Masako se tourna vers elle d'un air excédé.
- On le coupe en morceaux. On a décidé que c'était un travail comme un autre.
- Mais enfin … c'est pas un travail !
- Si, c'en est un ! décréta Masako pour couper court.
Tu as besoin d'argent, tu nous aides.
Ces mots la réveillèrent…»

….. à partir du moment où elles commettent l'irréparable, leurs vies vont se fissurer, ce sera l'escalade, l'effondrement progressif, total et inéluctable !
Ce qui caractérise la plume de Natsuo Kirino ? cynisme, froideur et élégance. J'ai beaucoup aimé son style d'écriture et ce roman qui sort des sentiers battus.
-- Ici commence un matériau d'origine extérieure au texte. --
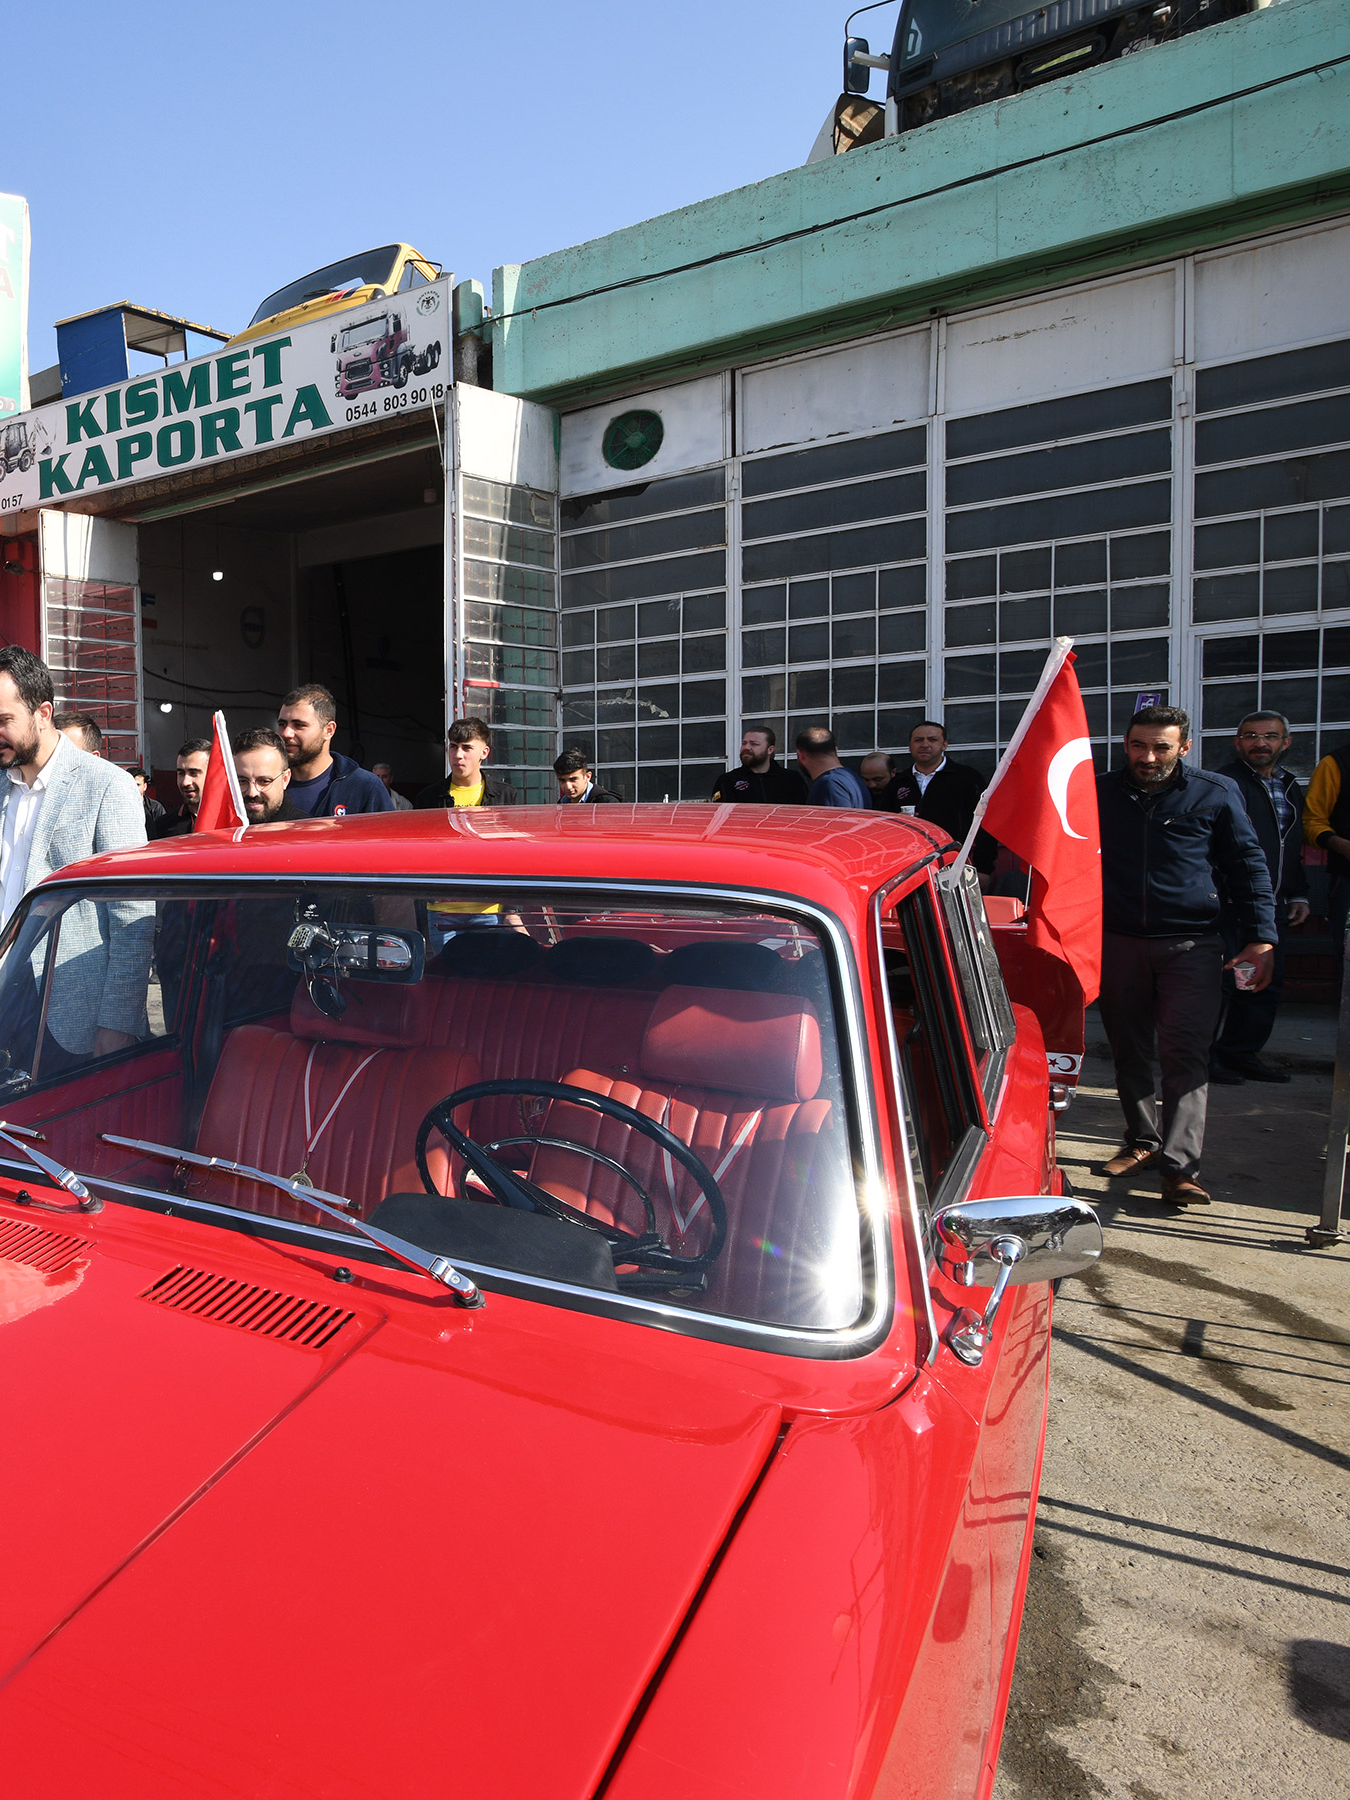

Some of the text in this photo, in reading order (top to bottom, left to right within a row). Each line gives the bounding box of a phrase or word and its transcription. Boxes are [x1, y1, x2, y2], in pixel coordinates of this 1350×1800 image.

[38, 384, 334, 500] KAPORTA
[66, 336, 292, 445] KISMET
[345, 383, 444, 422] 0544 803 90 18
Je vais donc attaquer très prochainement, un autre de ses livres “Monstrueux”(encore un pavé), en espérant qu'il sera aussi passionnant que celui-ci !

Un extrait :

«Comme les femmes préparent le repas tous les jours, elles sont plus habituées que les hommes à la chair et au sang. Elles savent mieux manier le couteau et mieux traiter les déchets. Et en plus une femme qui a accouché, dans la mesure où elle a côtoyé de très près la naissance et la mort, est dotée d'un plus grand courage. Sa femme de ce point de vue-là, en était un bon exemple, se dit-il non sans humour.»